Dataset Start Marker

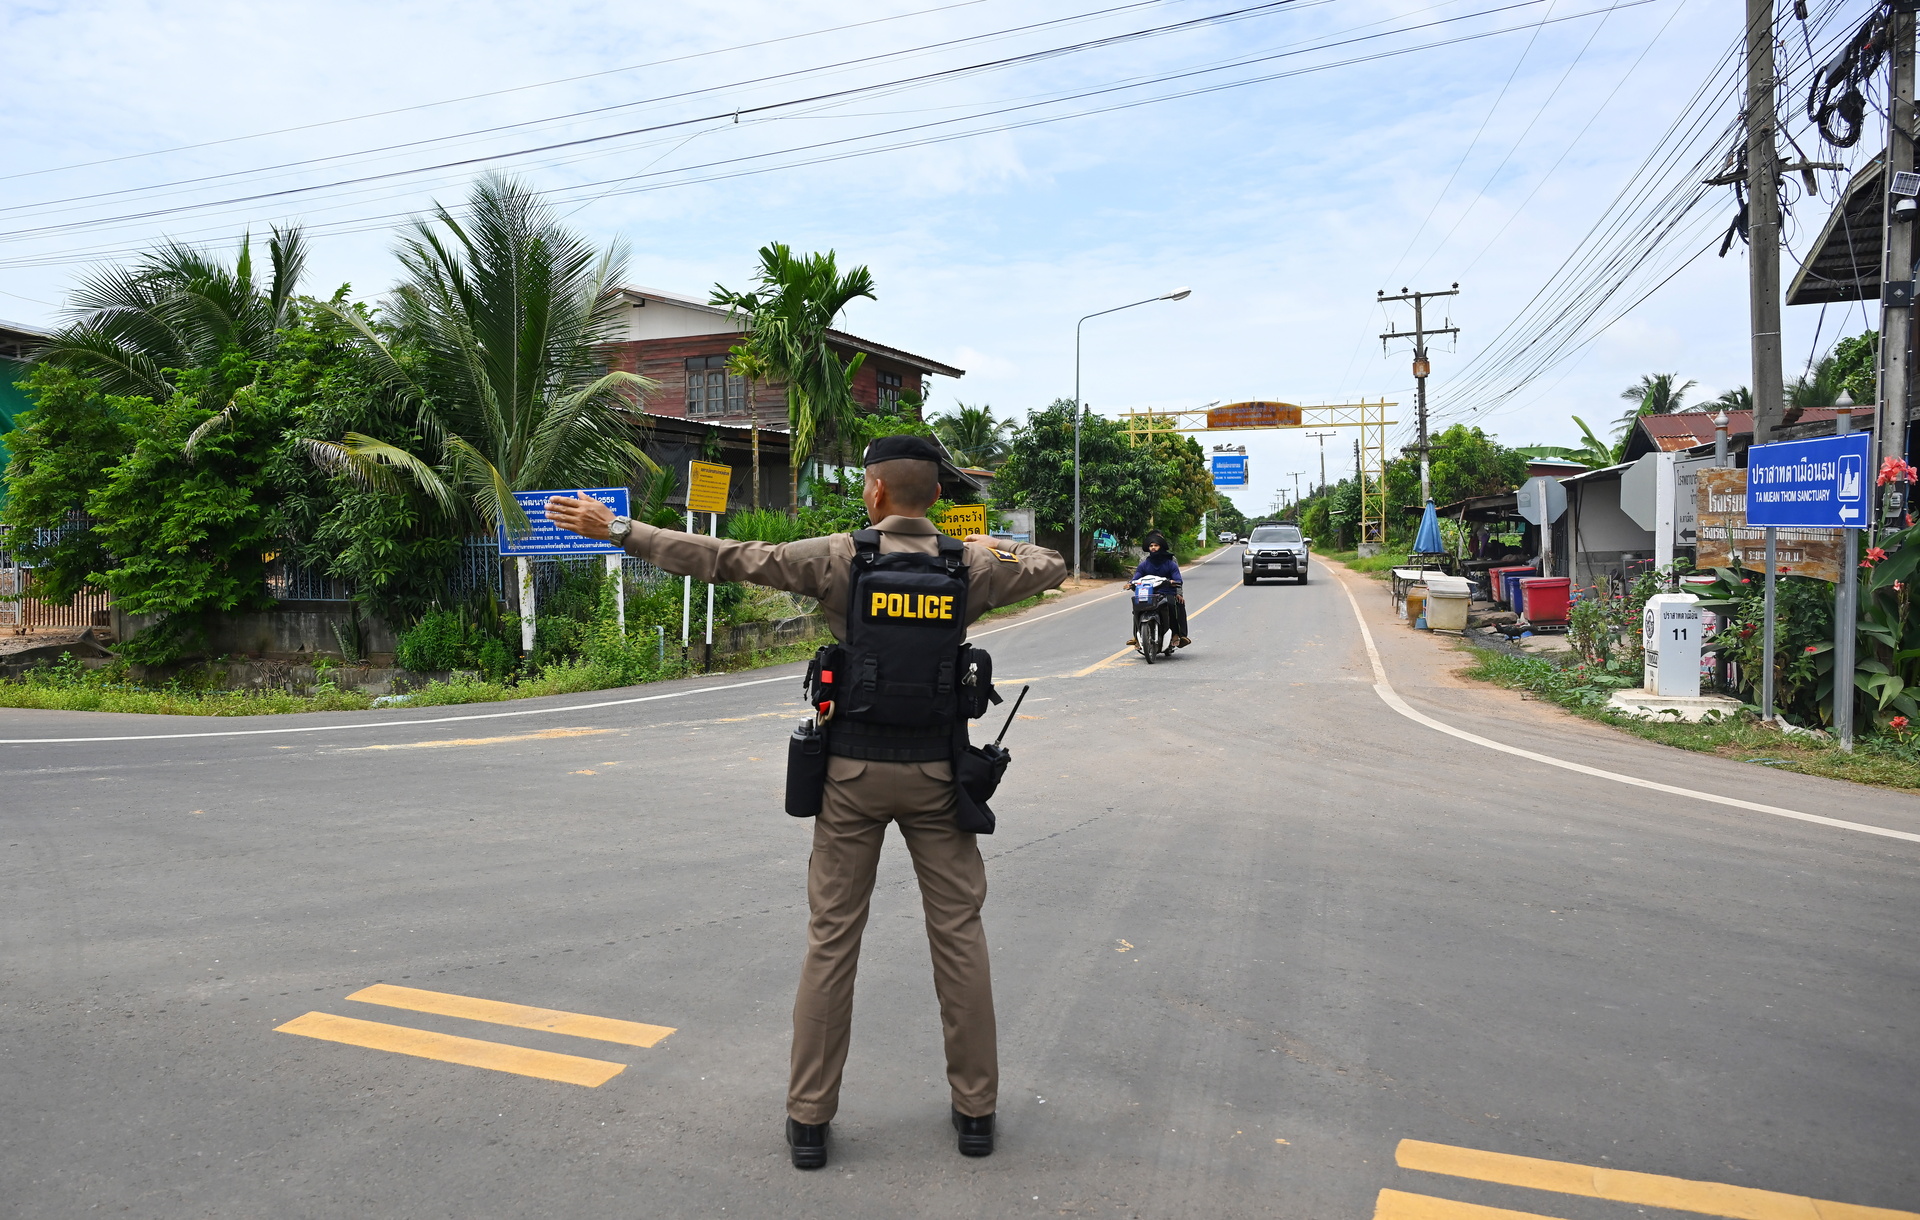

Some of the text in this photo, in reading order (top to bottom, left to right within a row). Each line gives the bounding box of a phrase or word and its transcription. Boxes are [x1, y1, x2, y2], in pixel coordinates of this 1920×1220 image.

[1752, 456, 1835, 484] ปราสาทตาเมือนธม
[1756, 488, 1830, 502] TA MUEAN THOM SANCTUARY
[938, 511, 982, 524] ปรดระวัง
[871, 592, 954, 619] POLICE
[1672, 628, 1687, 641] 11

Dataset End Marker

**Assignment:** Print every line of the material above exactly as it reads, skipping the pictures.

**Answer to this problem:**
Some of the text in this photo, in reading order (top to bottom, left to right within a row). Each line gives the bounding box of a phrase or word and its transcription. Boxes are [x1, y1, x2, y2], in pixel coordinates of this 1920×1220 image.

[1752, 456, 1835, 484] ปราสาทตาเมือนธม
[1756, 488, 1830, 502] TA MUEAN THOM SANCTUARY
[938, 511, 982, 524] ปรดระวัง
[871, 592, 954, 619] POLICE
[1672, 628, 1687, 641] 11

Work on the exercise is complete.